How 3D voxels are used for surface comparisons
A voxel dataset is a 3D raster representation of the scan data. Such a voxel dataset is defined by the voxel size, which defines the cube size of the 3D raster. The scan data within each voxel is analyzed and a Principle Component Analysis (PCA) delivers a plane estimation with a normal vector derived from the scan data for every voxel (right). The orientation of the normal vector and the standard deviation of the scan data, in respect to the estimated plane, are stored as data attributes for each voxel. The standard deviation is an indicator for the noise of the scan data and therefore, for the roughness of the scanned surface.
In the next step, voxels of the same size are extracted from a comparison dataset of a different time period.
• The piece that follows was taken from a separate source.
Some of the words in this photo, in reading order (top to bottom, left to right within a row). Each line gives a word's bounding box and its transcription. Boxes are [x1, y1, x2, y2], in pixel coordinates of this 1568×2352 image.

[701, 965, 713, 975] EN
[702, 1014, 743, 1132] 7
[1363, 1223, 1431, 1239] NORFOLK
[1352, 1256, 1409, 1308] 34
Every voxel of this second dataset finally gets a new data attribute named “distance to surface”, which shows the distance along the normal vector of the reference dataset to the closest voxel of the comparison dataset (right). This attribute can be interpreted as the surface change between the two datasets.
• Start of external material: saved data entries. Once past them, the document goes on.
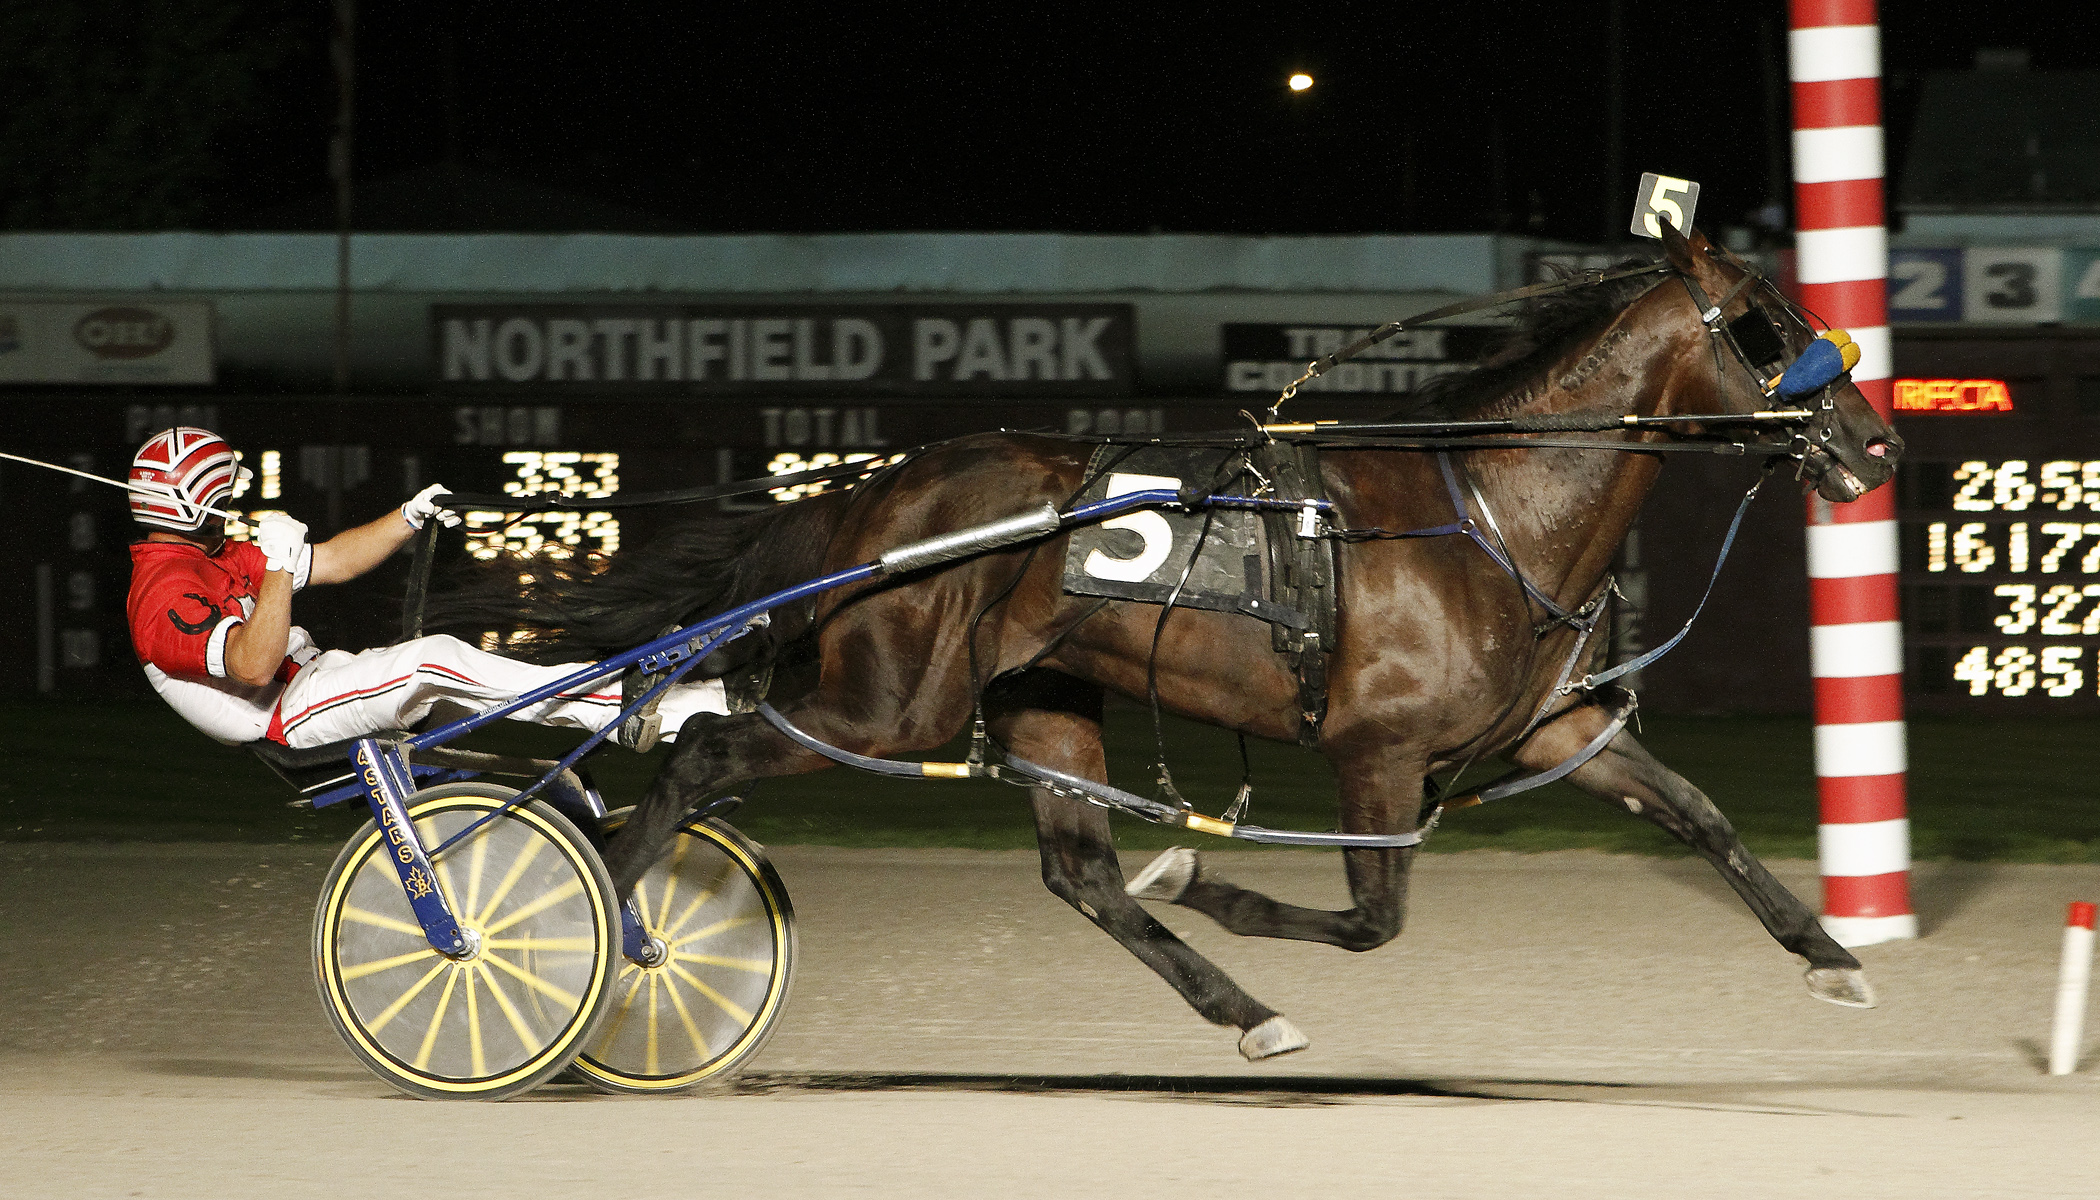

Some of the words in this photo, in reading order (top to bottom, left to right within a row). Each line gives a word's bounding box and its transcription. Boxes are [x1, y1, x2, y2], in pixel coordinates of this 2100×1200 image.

[1643, 175, 1689, 240] 5
[1889, 261, 1947, 309] 2
[1984, 262, 2036, 308] 3
[443, 317, 886, 382] NORTHFIELD
[914, 317, 1118, 382] PARK
[455, 407, 559, 446] SHOW
[761, 408, 889, 447] TOTAL
[502, 451, 620, 499] 353
[1083, 472, 1182, 583] 5
[1953, 645, 2100, 697] 485
In the past, surface comparison were done with algorithms that were mainly working in a 2.5D environment, that calculated a comparison along a given direction. When using the z-direction, standard algorithms delivered poor results in almost vertical surface areas and failed in overhanging areas. The RIEGL 3D Voxel Analysis software module now allows a fully-3D comparison, because it takes the correct surface normal vector from each and every single voxel. This algorithm works on any surface orientation and delivers the closest distance between two different surfaces. This also enables surface comparison in underground, cave, or tunnel environments. The below image shows an ice change analysis within a large ice cave.
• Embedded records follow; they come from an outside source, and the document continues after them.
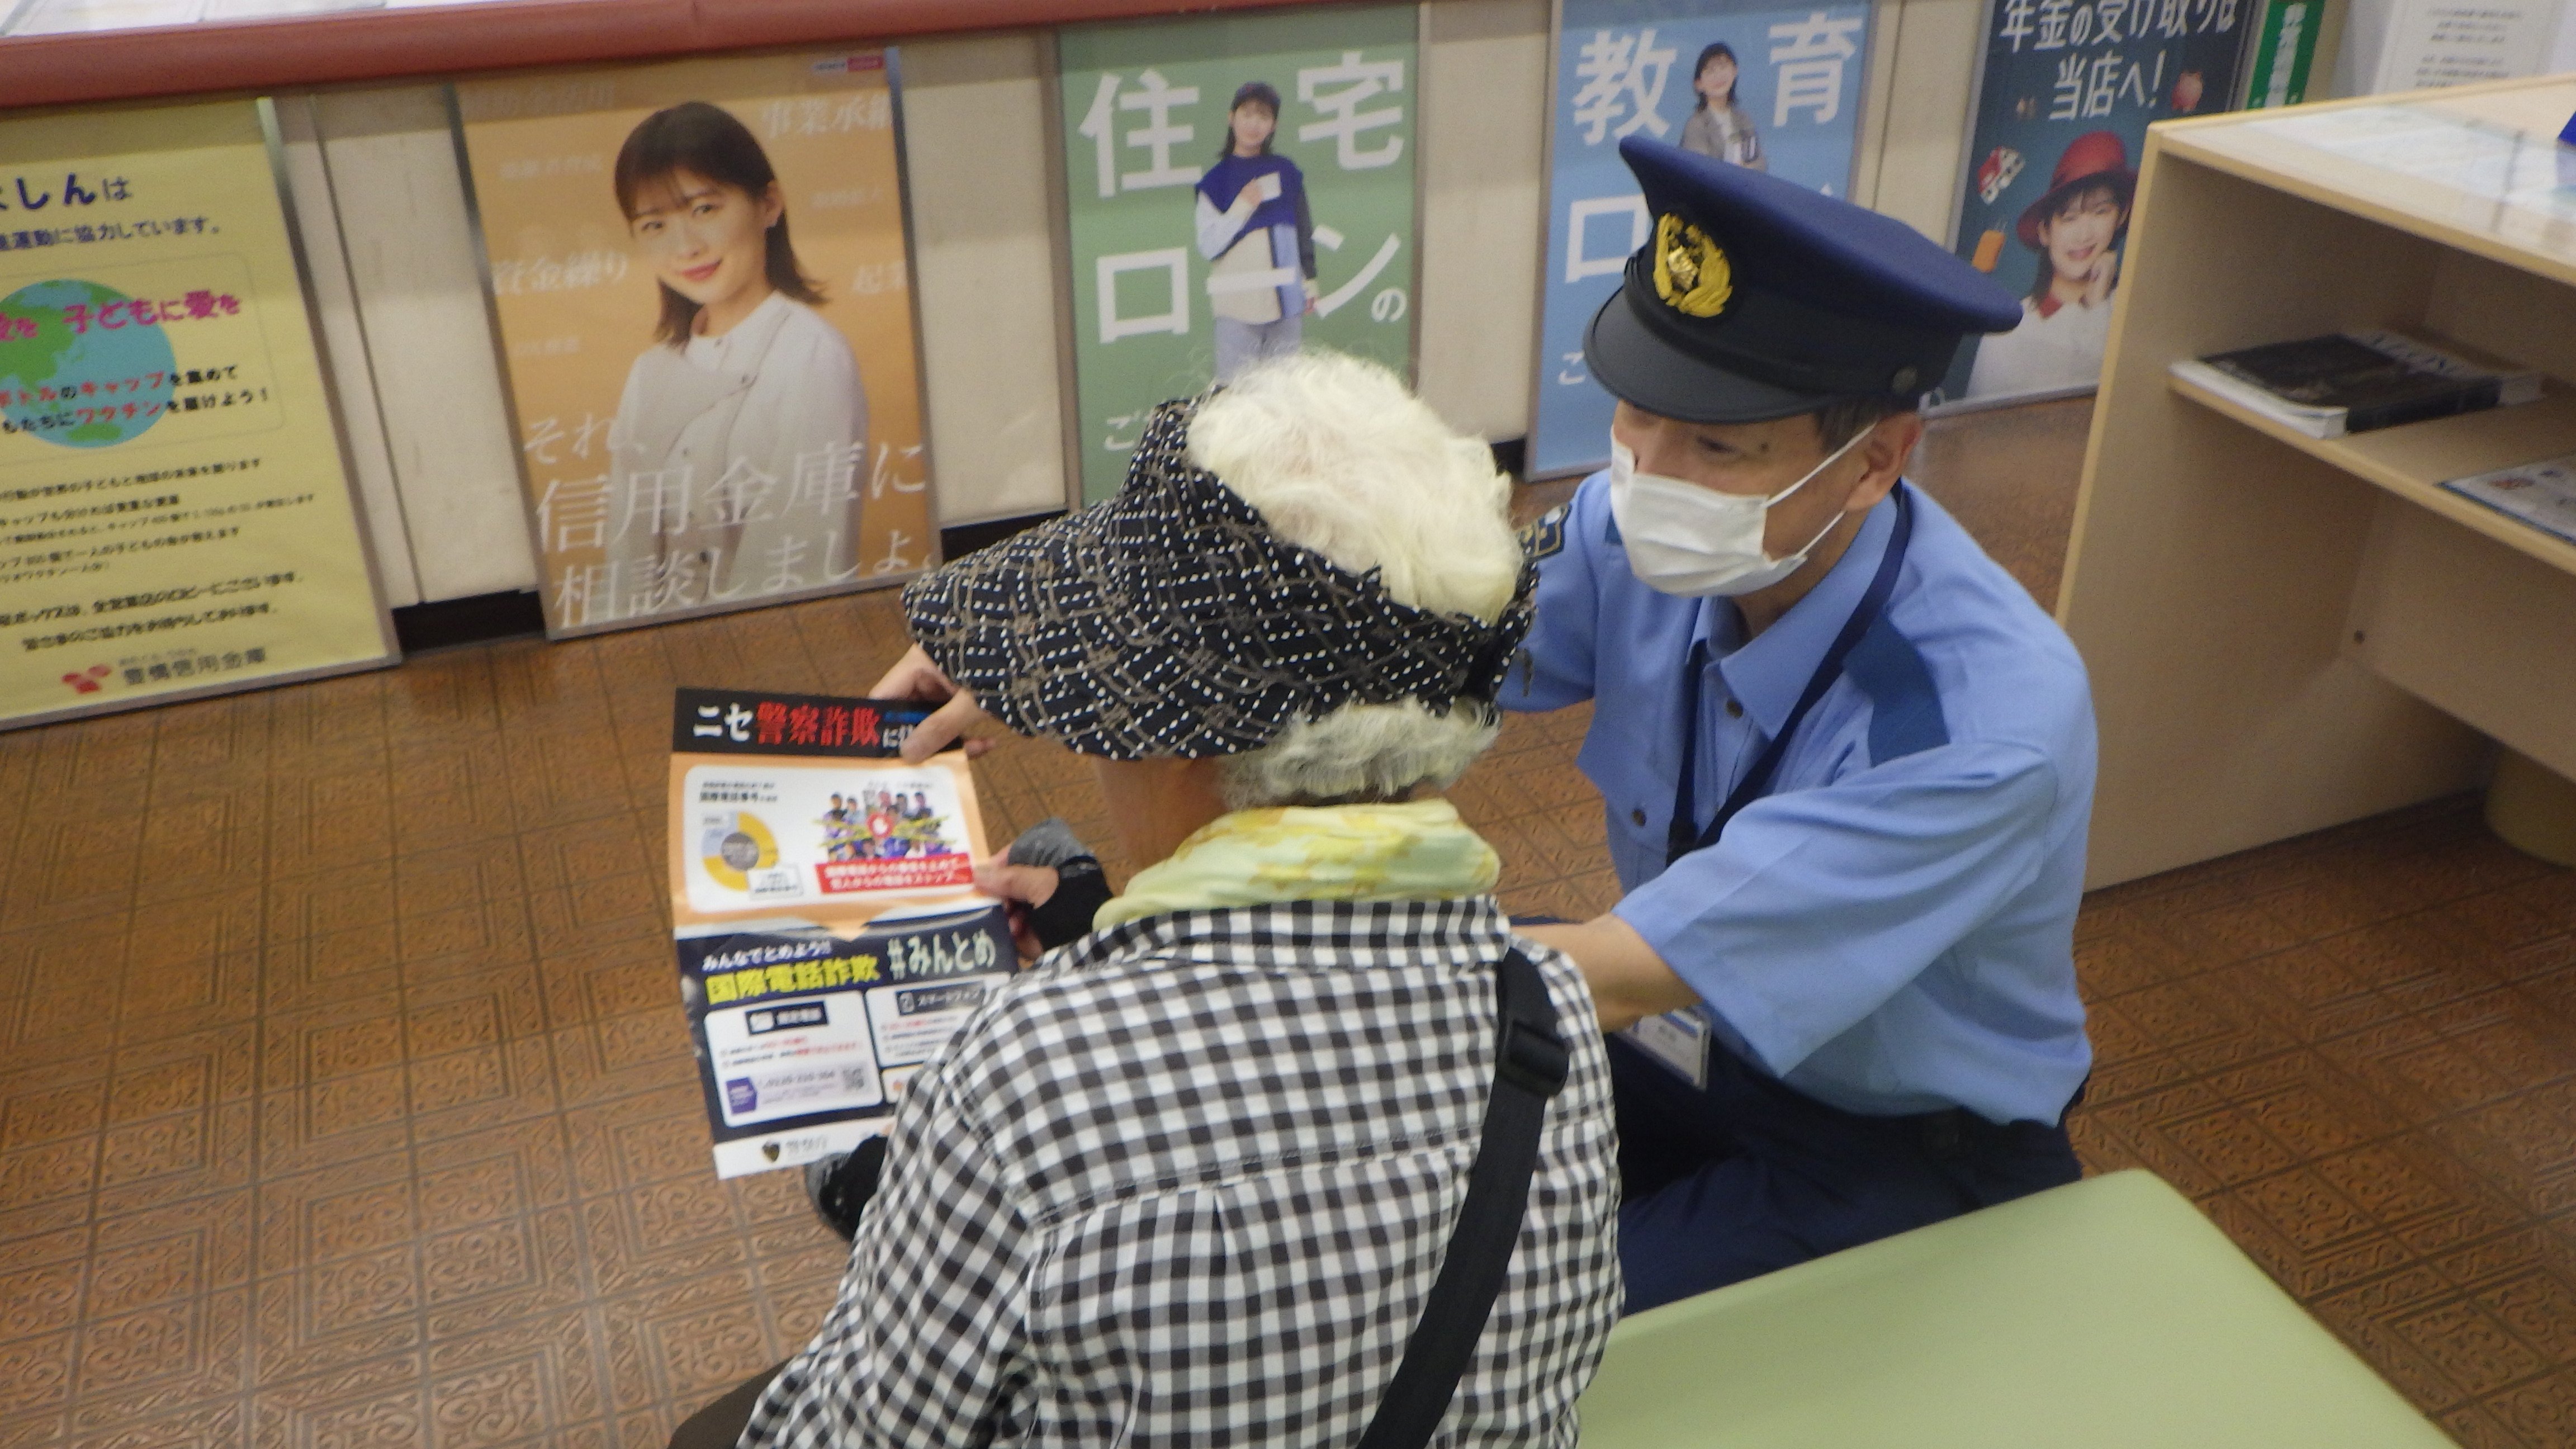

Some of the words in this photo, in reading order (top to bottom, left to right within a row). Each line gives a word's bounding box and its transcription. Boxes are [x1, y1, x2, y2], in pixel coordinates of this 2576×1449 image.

[1079, 51, 1405, 199] 住宅
[0, 173, 133, 210] しんは
[1096, 225, 1409, 344] ローンの
[536, 439, 926, 553] 信用金庫に
[554, 528, 932, 627] 相談しましょ
[705, 954, 880, 1005] 国際電話詐欺
Permanent Slope Monitoring
RIEGL scanners are also used for permanent slope monitoring. The displayed slope in the image below was scanned every two minutes.
Scanning at such a high frequency results in a large number of datasets containing a huge amount of data. The RIEGL comparison algorithm can compare a big number of datasets to a given reference within an automatic workflow. Due to the calculation of a best fitting plane within each voxel and the calculation of the distance between the two planes along the normal vector, even minor changes within millimeters can be detected. In this example, the slope was at a distance of approximately 100m to the scanner and movements of a few millimeters within the voxels can be detected. Getting results at such a high accuracy results in longer lead times before a possible slope failure, so that there’s time to remove men and machines from endangered areas and safety is increased.